When music is applied to warlike ends, we tend to believe that it has been turned against its innocent nature. To quote the standard platitudes, it has charms to soothe a savage breast; it is the food of love; it brings us together and sets us free.
We resist evidence suggesting that music can cloud reason, stir rage, cause pain, even kill. Footnoted treatises on the dark side of music are unlikely to sell as well as the cheery pop-science books that tout music’s ability to make us smarter, happier, and more productive. Yet they probably bring us closer to the true function of music in the evolution of human civilization.
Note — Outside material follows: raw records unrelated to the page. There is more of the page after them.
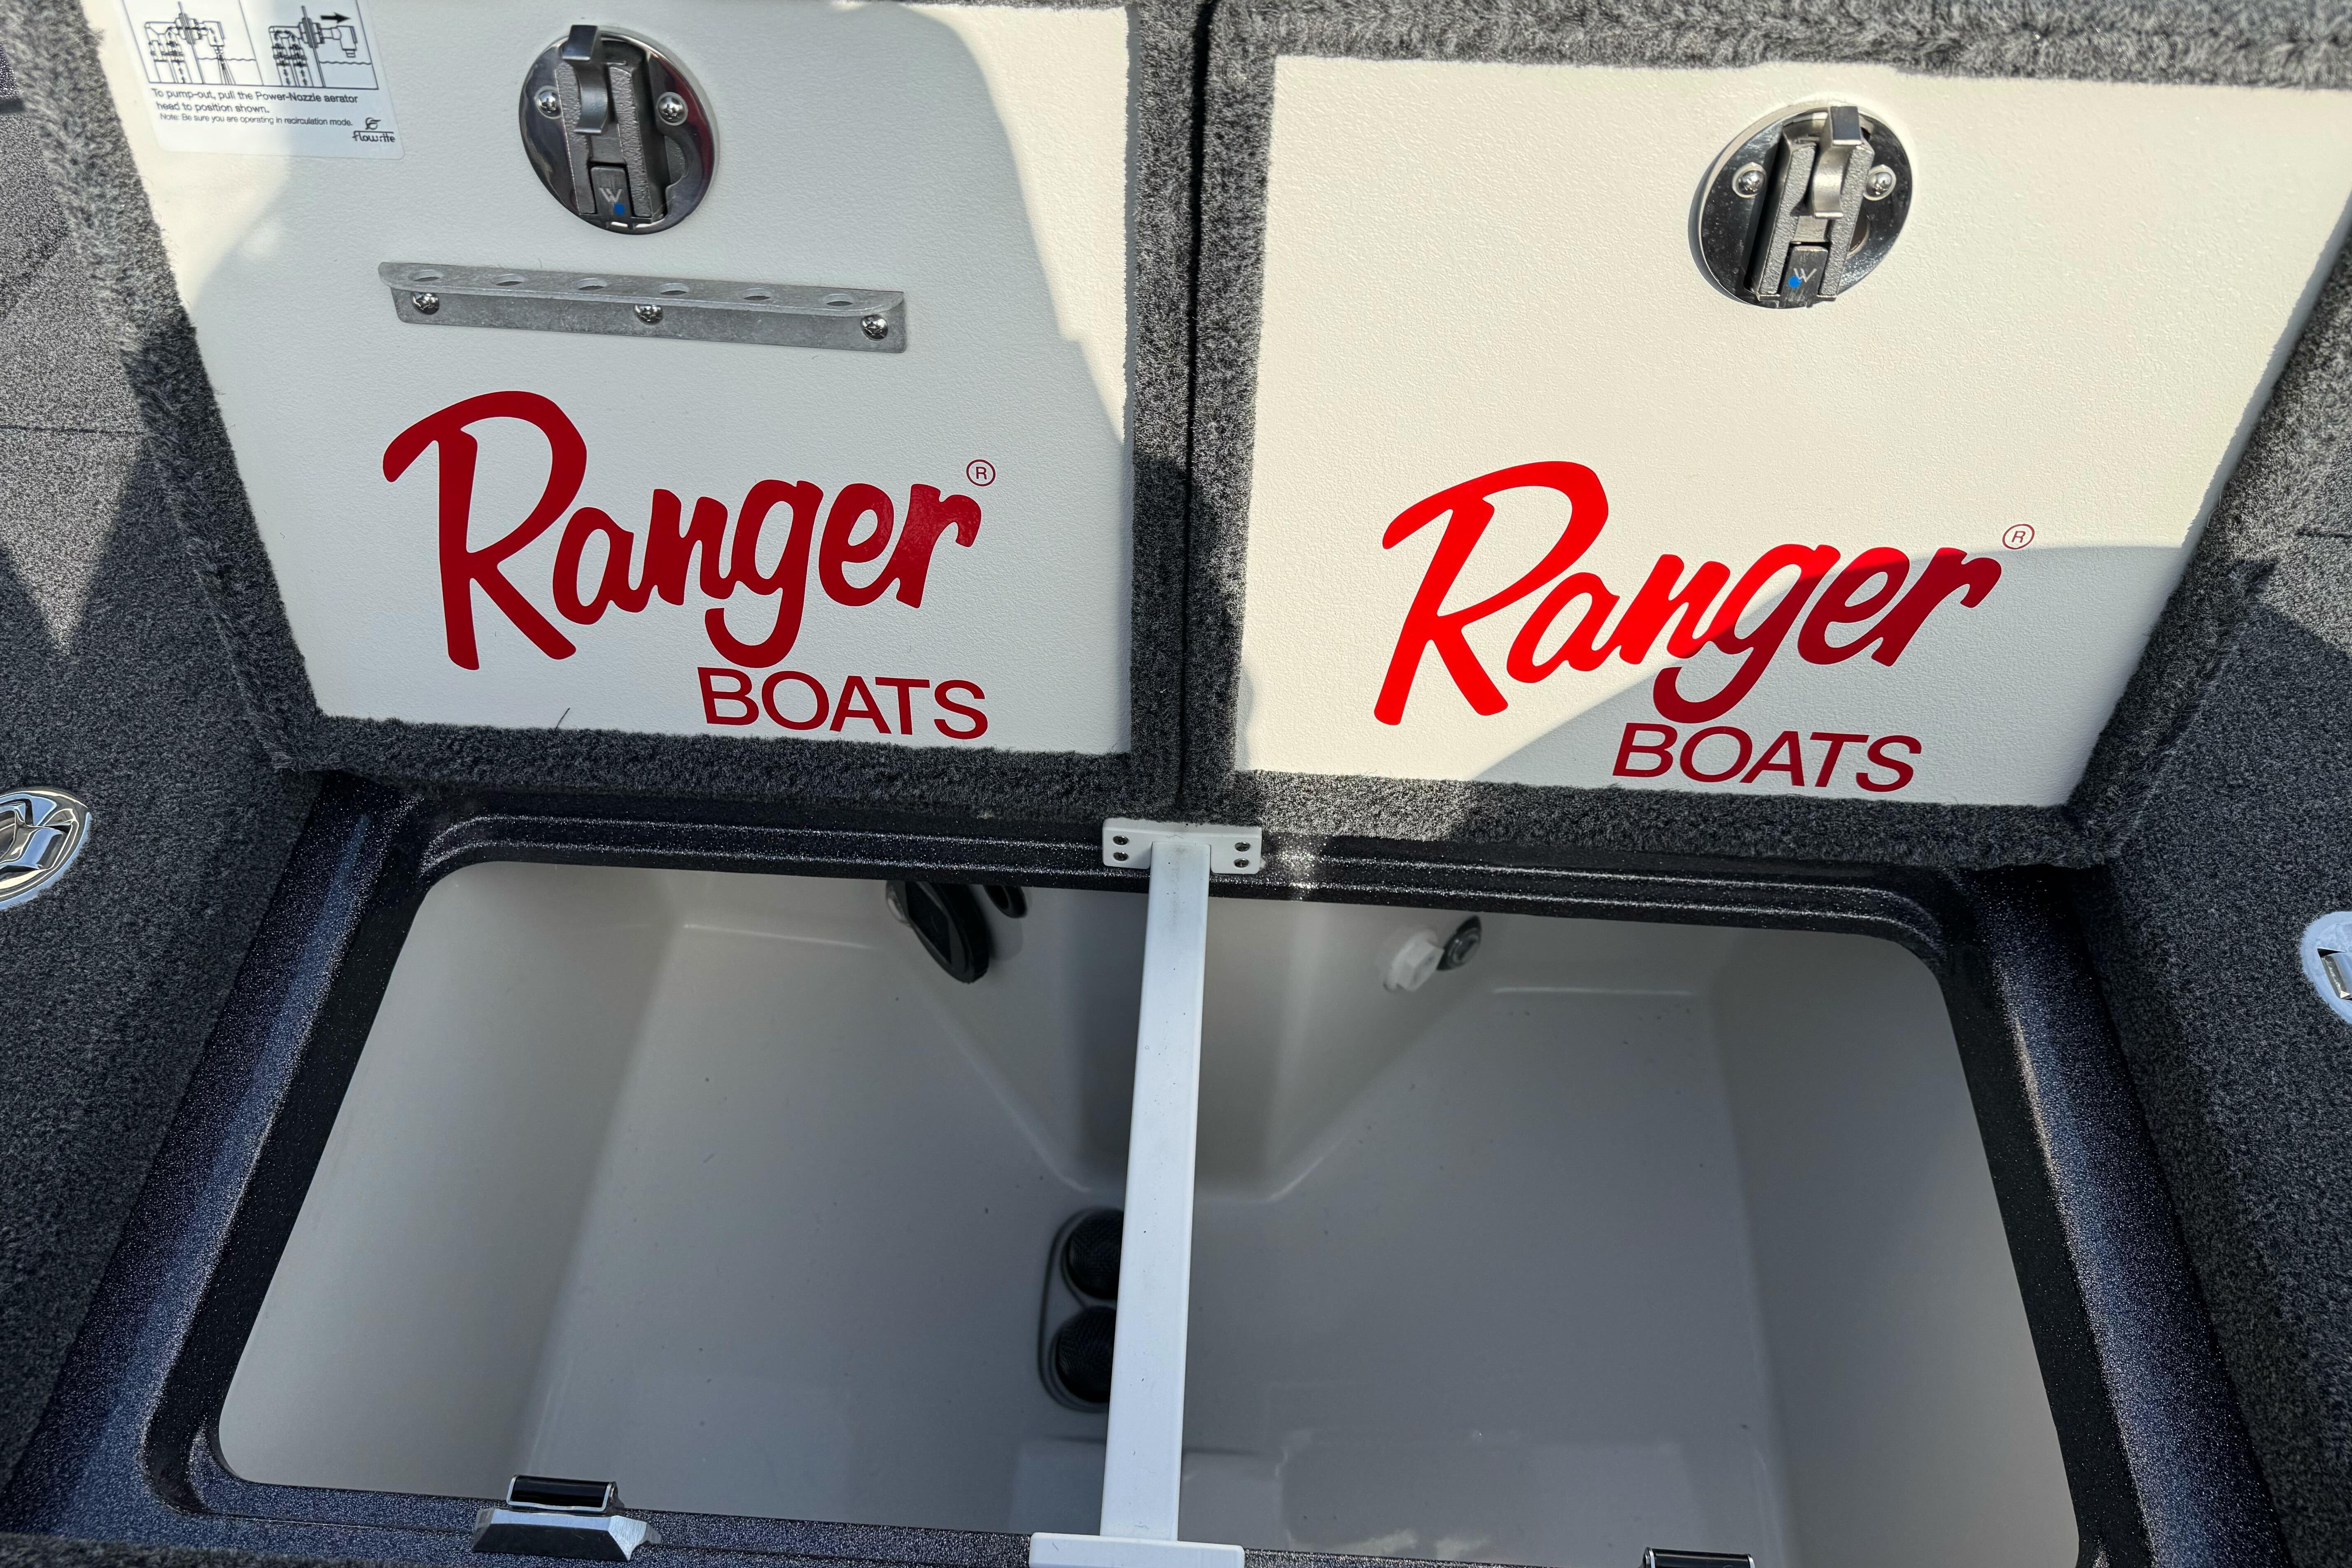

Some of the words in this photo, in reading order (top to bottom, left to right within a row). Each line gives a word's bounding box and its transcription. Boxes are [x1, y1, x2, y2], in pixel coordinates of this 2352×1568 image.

[152, 88, 163, 97] To
[166, 90, 216, 100] pump-out,
[218, 91, 236, 100] pull
[255, 91, 321, 102] Power-Nozzle
[324, 94, 358, 103] aerator
[156, 102, 180, 110] head
[195, 103, 233, 114] position
[235, 104, 270, 113] shown.
[240, 117, 274, 125] operating
[383, 391, 981, 670] Ranger
[1374, 461, 2001, 726] Ranger
[698, 667, 987, 739] BOATS
[1614, 723, 1921, 792] BOATS
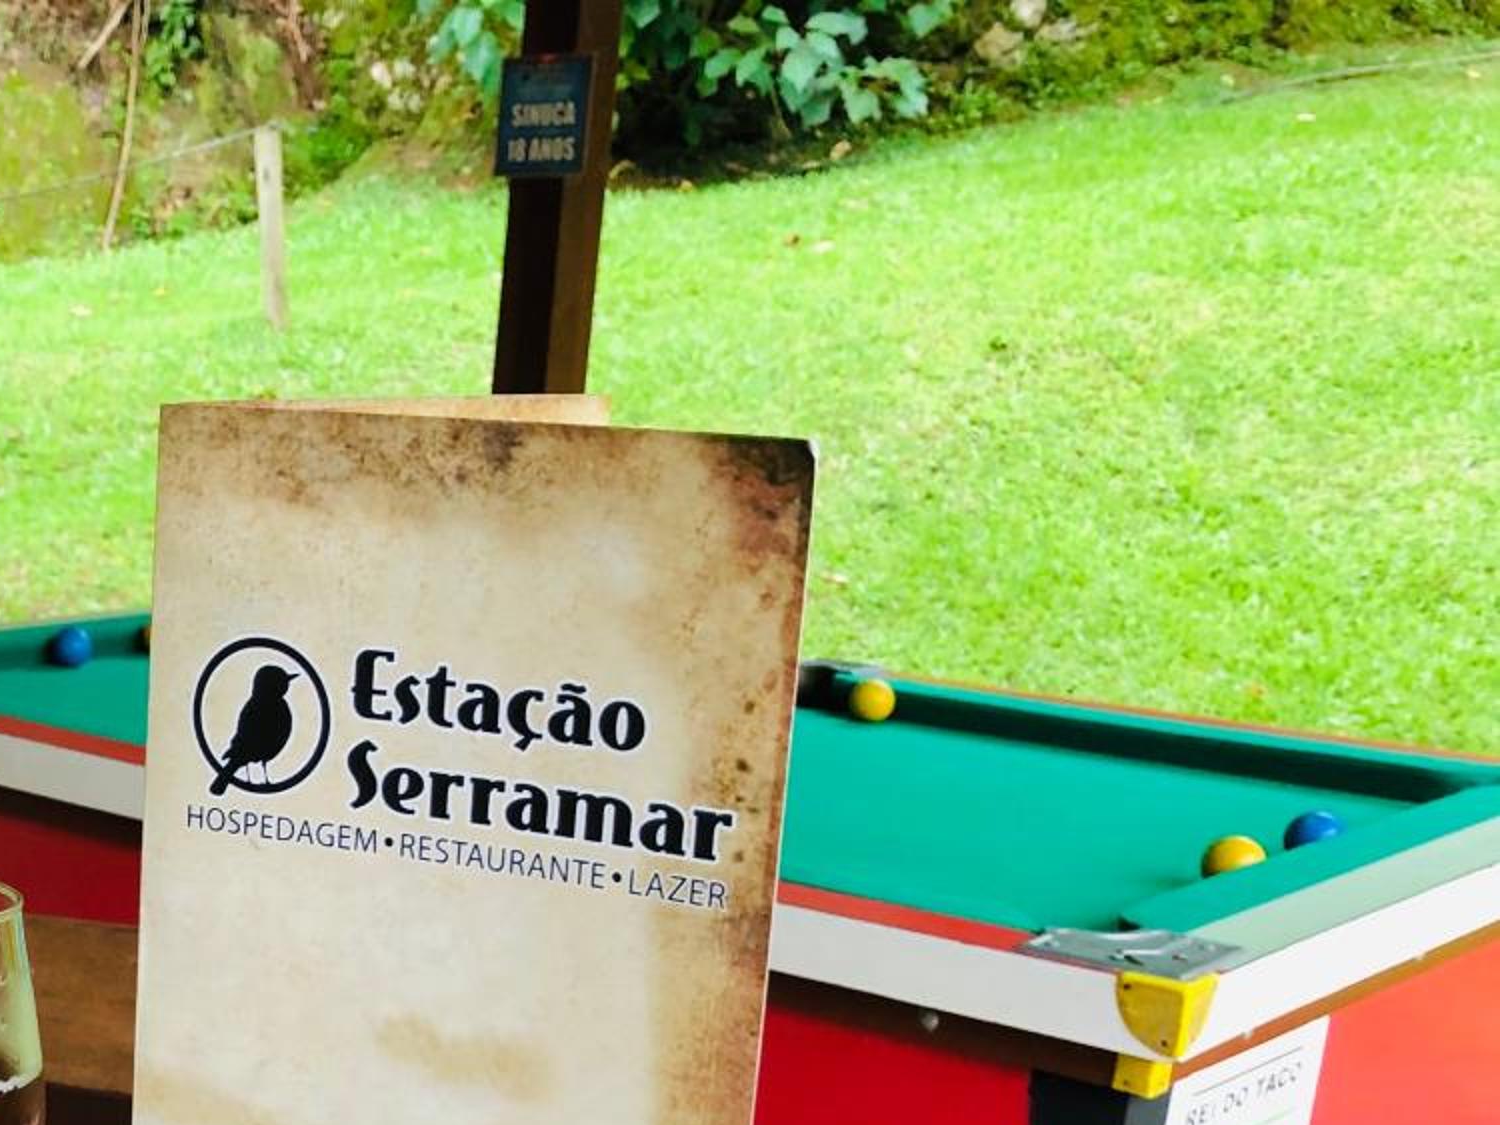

A striking passage in J. Martin Daughtry’s “Listening to War: Sound, Music, Trauma, and Survival in Wartime Iraq” (Oxford) evokes the sound of the battlefield in the most recent Iraq war:
The growl of the Humvee engine. The thump-thump-thump of the approaching helicopter. The drone of the generator. Human voices shouting, crying, asking questions in a foreign tongue. “Allahu akbar!”: the call to prayer. “Down on the ground!”: the shouted command. The dadadadadada of automatic weapon fire. The shhhhhhhhhhhhh of the rocket in flight. The fffft of the bullet displacing air. The sharp k-k-k-k-r-boom of the mortar. The rolling BOOM of the I.E.D.
Daughtry underscores something crucial about the nature of sound and, by extension, of music: we listen not only with our ears but also with our body. We flinch against loud sounds before the conscious brain begins to try to understand them. It is therefore a mistake to place “music” and “violence” in separate categories; as Daughtry writes, sound itself can be a form of violence.
Detonating shells set off supersonic blast waves that slow down and become sound waves; such waves have been linked to traumatic brain injury, once known as shell shock. Symptoms of post-traumatic stress disorder are often triggered by sonic signals; New York residents experienced this after September 11th, when a popped tire would make everyone jump.